At a recent dinner party, my friend’s six-year-old daughter, Anicia, sidled up to me. “You’re a principal, right?”
“Yep.”
“My teacher says I talk too much.”
I smiled. Anicia was, by any measure, an insatiable talker.
“She says I need to listen more. Take turns.”
“What does she do to help you learn how to listen?”
She rolled her eyes theatrically and put her finger to her earlobe. “She does this when she wants me to stop talking. It’s our special code. I have to wait and wait and wait, until she stops touching her ear, before I can talk again.”
I was pleased to hear Anicia’s conceptual understanding of her conversational challenges and of her teacher’s plan to address them. In my role, I get to observe students for six or seven straight years as they work their way through elementary school. In the beginning, as kindergartners, they carry a wide spectrum of conversational prowess; some could talk all day long, whereas others barely make a peep. Some listen carefully, eagerly absorbing the thoughts of their teachers and peers, and others pull back and hear only select voices that manage to permeate their private thoughts.
Over time, students’ conversational identities begin to solidify. I see it happening in unstructured environments—at lunchtime, at recess, when they are working in groups without teacher support—and it’s fascinating how a student’s talking and listening tactics are developed and reinforced in the school environment. Over time, with practice and feedback, and combined with the input they get outside of school, I see students grow into the talkers and listeners they will be as they move toward adulthood.
I don’t believe one single teacher is the deal maker or breaker in the type of communicator a student turns out to be. There are too many factors (including personality, home life, peer relations, nature, nurture) to boil it down to one single classroom interaction or environment. Yet I do believe teachers’ awareness of students’ emerging conversational identity matters, so teachers have a responsibility to make sure their students are in a place of comfort, generosity, and mutual understanding when communicating. I appreciate when teachers provide fair, thoughtful, frequent opportunities for all students to become eloquent speakers and thoughtful listeners.
Not long ago, I developed a list of questions to use to explore this issue. I use these as part of conversations with teachers in post-observation meetings.
- Do you have a formal conversation structure in your classroom? How do you introduce and implement that structure?
- Are all children given the opportunity to talk during minilesson and workshop time? Are they also given the opportunity to pass?
- Do your students expect to listen and respond to classmates carefully? How do you—and your students—respond when this isn’t happening?
- How are students taught to be concise and focused when they confer with others?
- How do you respond to students who love to monopolize the conversation?
- When students are quiet and prefer not to speak, how do you come to understand their conversational comfort areas?
- Have you thought about your own personal biases toward students who seem to do too much of something—too much silence, too much chatter? Does that bias translate to annoyance and impatience, or are you easily able to channel it into a learning opportunity?

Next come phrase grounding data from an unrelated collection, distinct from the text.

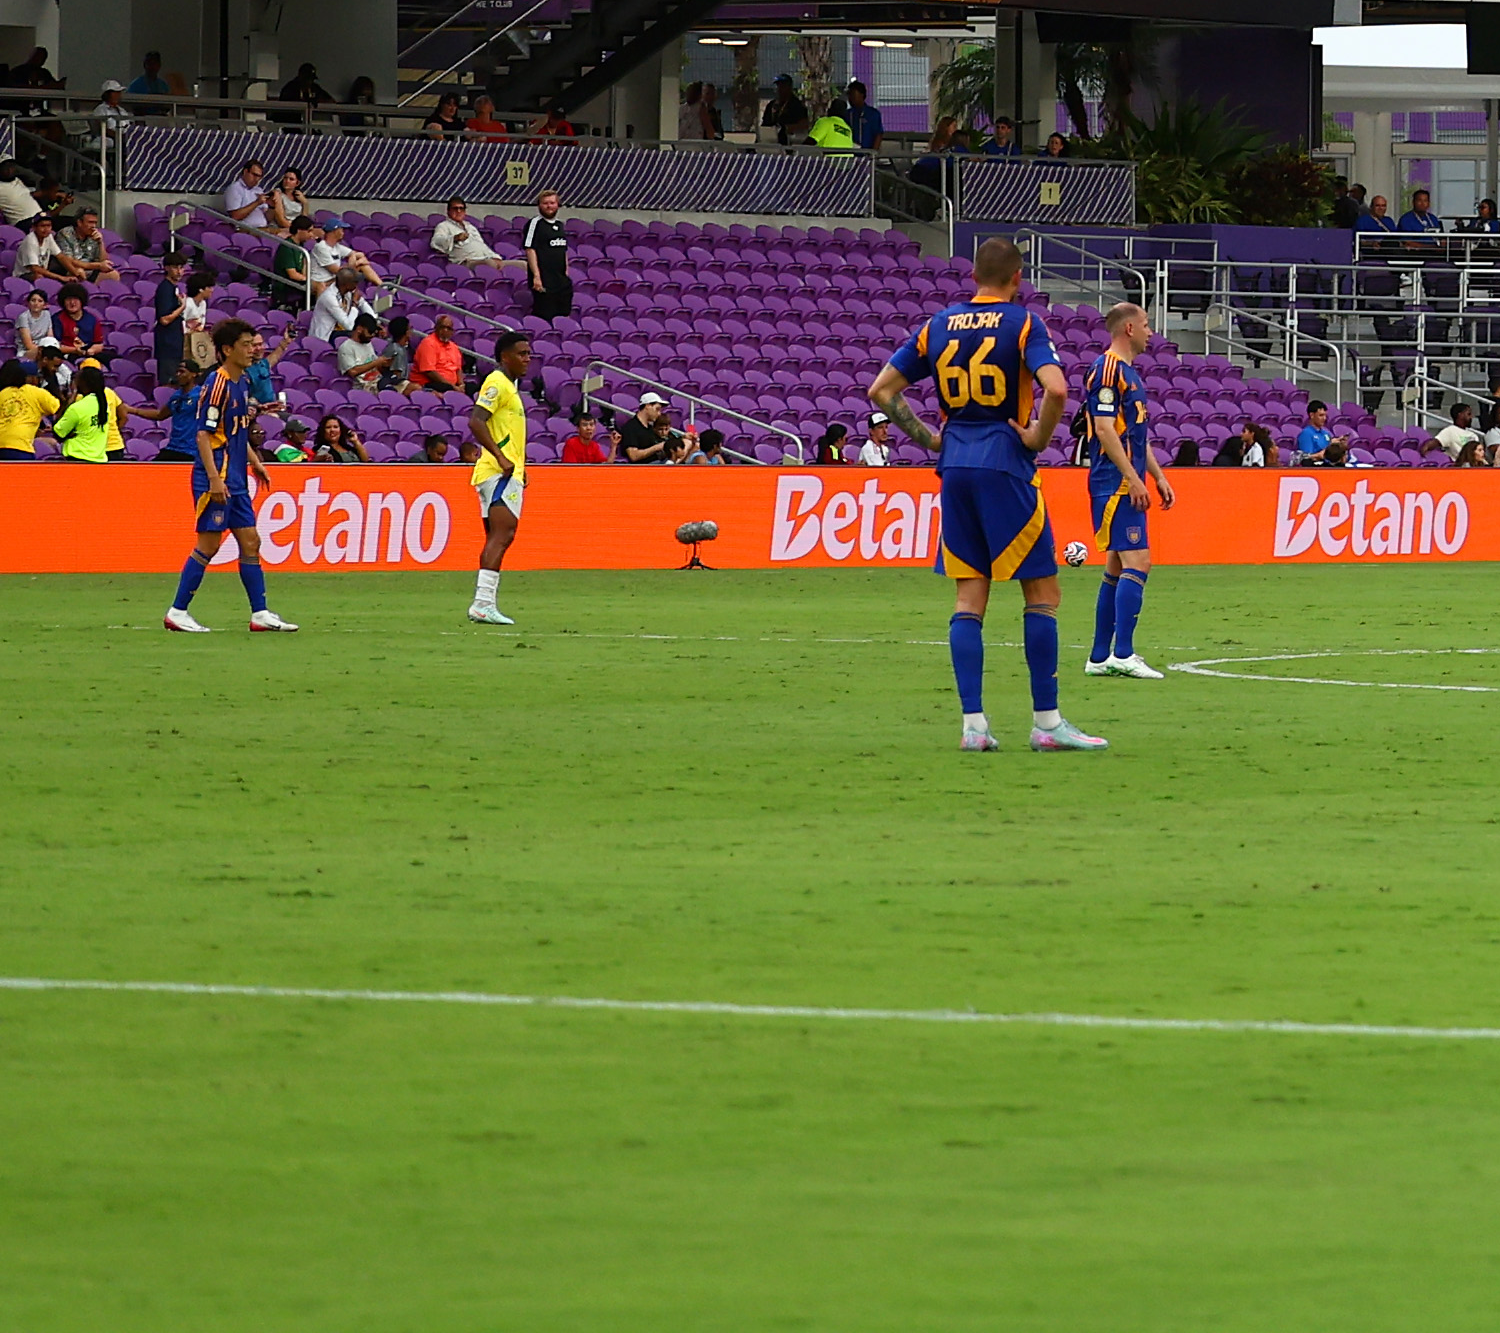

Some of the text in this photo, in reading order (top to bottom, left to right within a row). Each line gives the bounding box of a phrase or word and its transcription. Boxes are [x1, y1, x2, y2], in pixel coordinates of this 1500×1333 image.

[513, 166, 524, 181] 37
[1046, 186, 1053, 201] 1
[948, 312, 1003, 332] TROJAK
[936, 336, 1007, 409] 66
[209, 475, 450, 565] etano
[1274, 475, 1469, 557] Betano

I am careful to ask these questions without accusation or judgment. I set the tone by admitting my own bias: “When I was a teacher, I struggled with students who tried to monopolize the conversation, and I had to actively work against my own frustration.” Then I’ll transfer my admission to my questions about their classroom. “You have some real talkers in your class. You also have some students who appear introverted and quiet. Can you tell me about some of the conscious decisions you make to enable conversational growth in your classroom?”
Teachers usually enjoy digging into this topic. Facilitating student conversation is an exhausting and never-ending task; they are relieved when someone acknowledges it, recognizes its value, and offers a safe place to reflect upon it.

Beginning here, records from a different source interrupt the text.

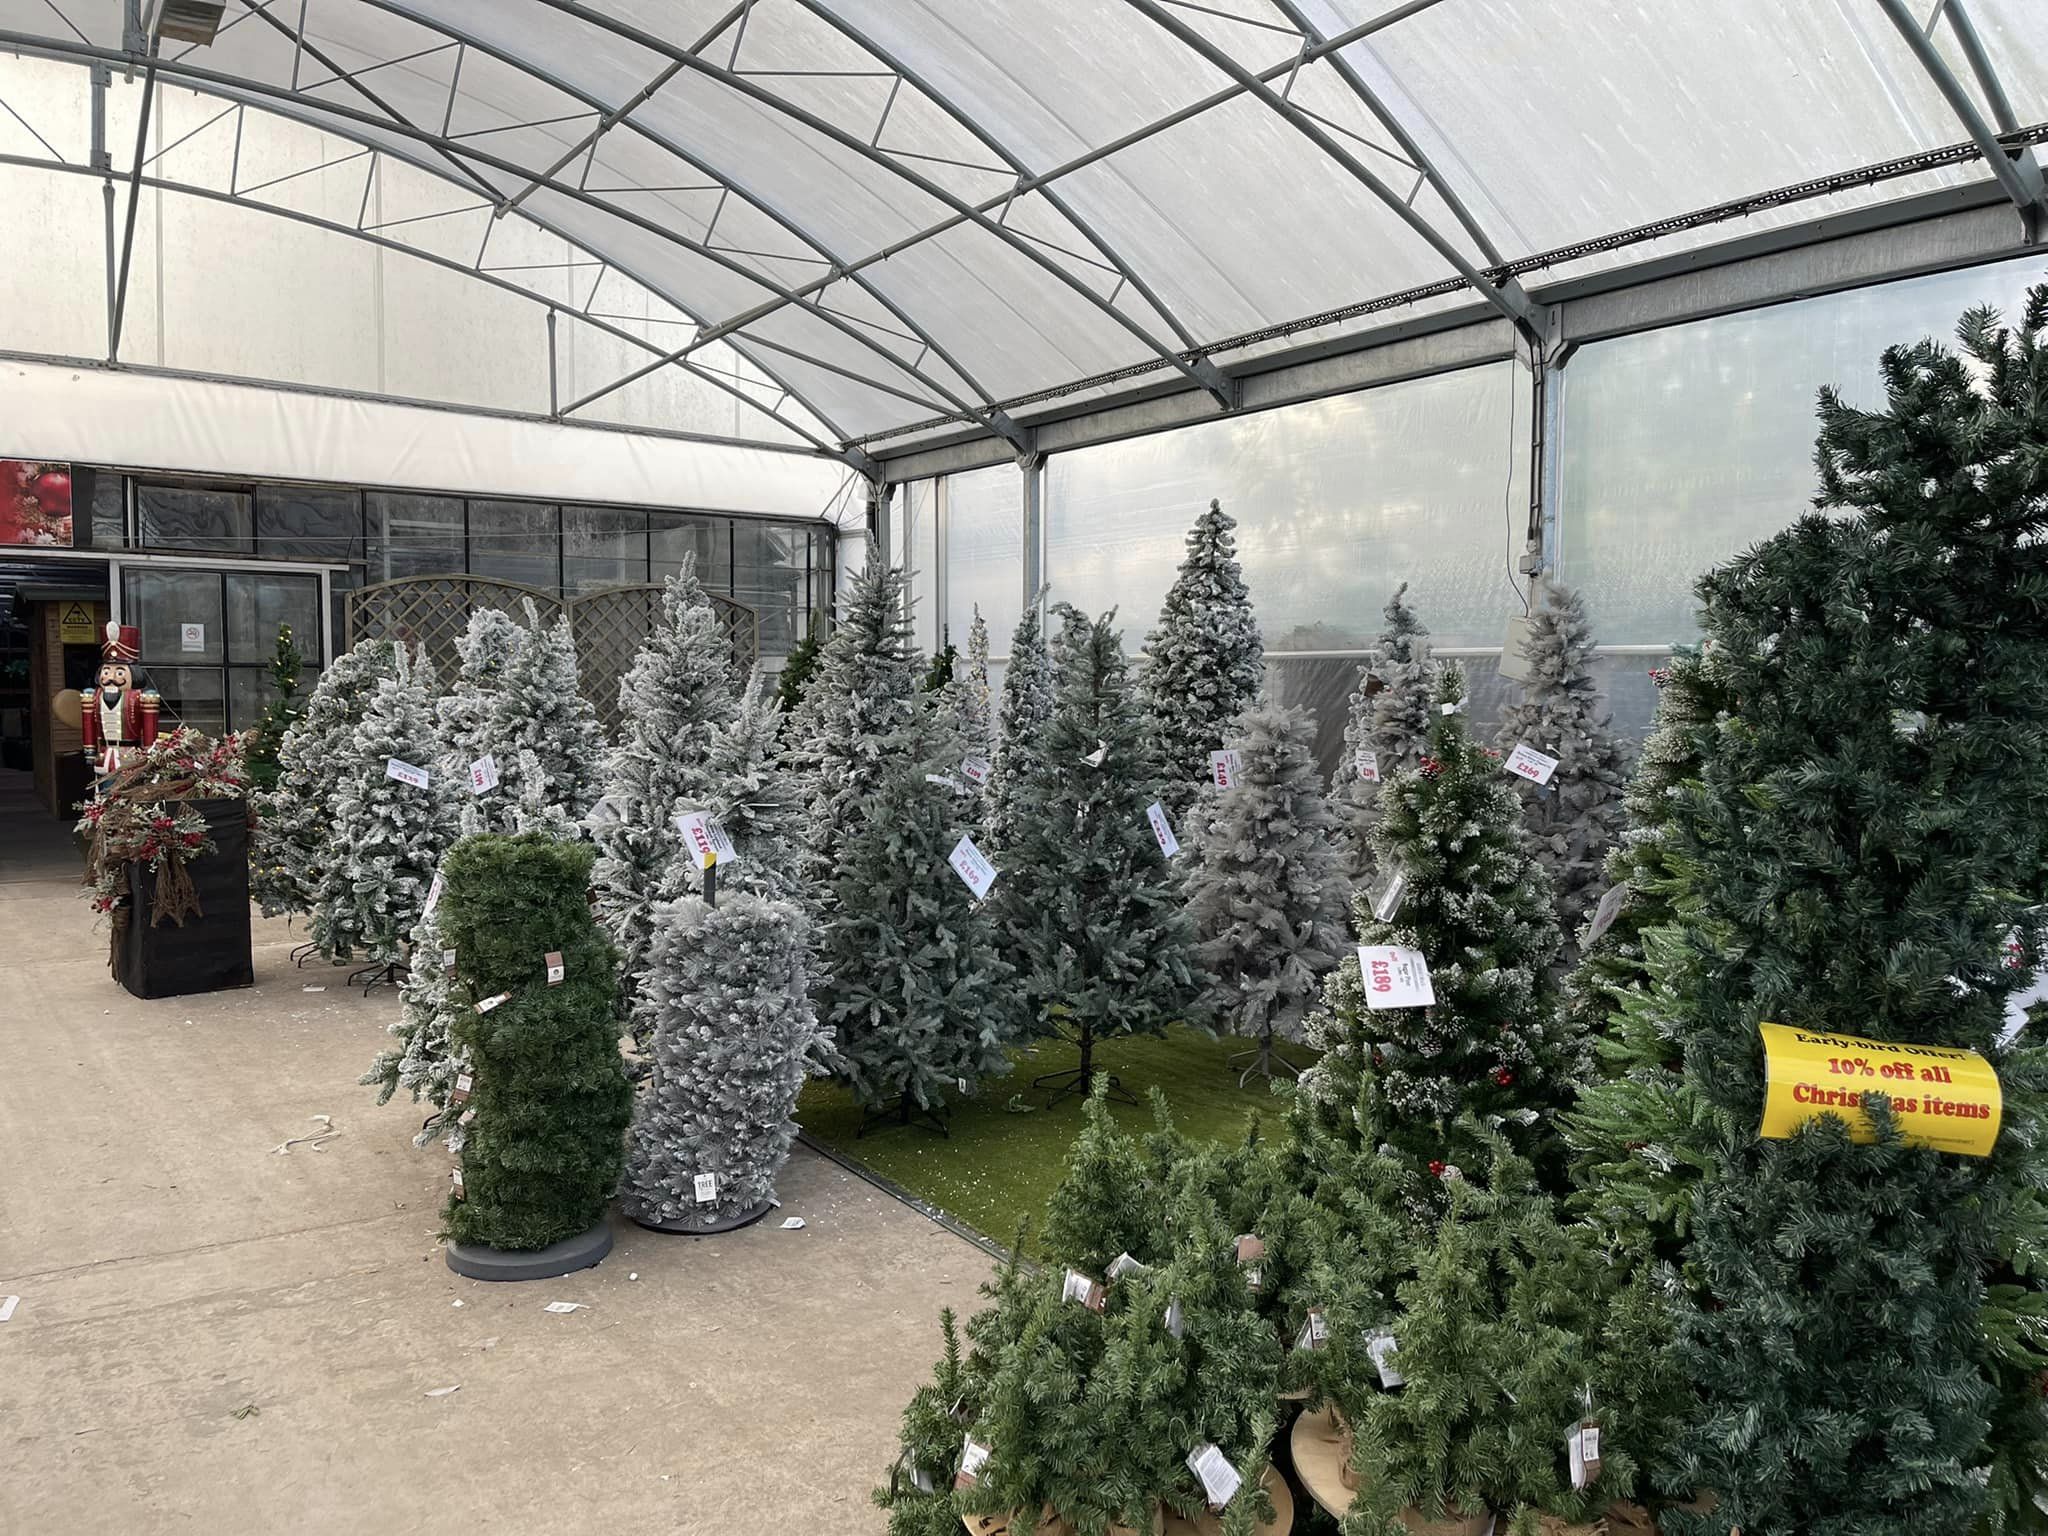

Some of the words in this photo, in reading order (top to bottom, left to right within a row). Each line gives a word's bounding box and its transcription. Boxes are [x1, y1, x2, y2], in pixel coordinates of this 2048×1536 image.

[1216, 762, 1228, 786] £149
[1517, 762, 1540, 778] £269
[1371, 960, 1392, 993] £189
[1795, 1033, 1902, 1053] Early-bird
[1827, 1057, 1876, 1077] 10%
[1880, 1061, 1915, 1081] off
[1920, 1065, 1953, 1084] all
[1793, 1082, 1919, 1113] Chrisas
[1923, 1094, 1991, 1119] items

Back to my conversation with Anicia: After learning about her teacher’s nonverbal cue to manage oversharing, I asked her, “What does your teacher want for you? What are your goals?”
Anicia responded immediately: “She wants me to be a good listener. She says she’ll know we’ve achieved our goal when she doesn’t have to put her hand to her ear so much.” She sounded triumphant and confident in her goal. I gave her a happy high-five, and she scampered off.
Anicia’s mother, who is a friend, had wandered nearby and overheard the last bit. “Anicia’s teacher is right—she never stops talking,” she said, collapsing into her chair. “At our parent-teacher conference, the teacher told me some of the strategies she’s using to get her to quiet down and listen. I am trying some of them at home.”
“Is it working?”
“It seems to be helping,” Anicia’s mother said. “I’m keeping track of how many times I touch my ear throughout an evening. The teacher and I share our data. We’re both seeing steady decreases as the year goes on.”
As with anything, being aware of conversational identities and the ways our young students communicate with one another helps build a sense of community based on a fair and equal distribution of student contribution, respect, and response. There are implications beyond our classrooms as well, particularly when we think about how students build confidence, handle conflicts, and value the input of others. In Anicia’s case, having a teacher actively work on communication—and pair up with Anicia’s mother in setting and monitoring goals—will serve her well as she matures into a reciprocal communicator.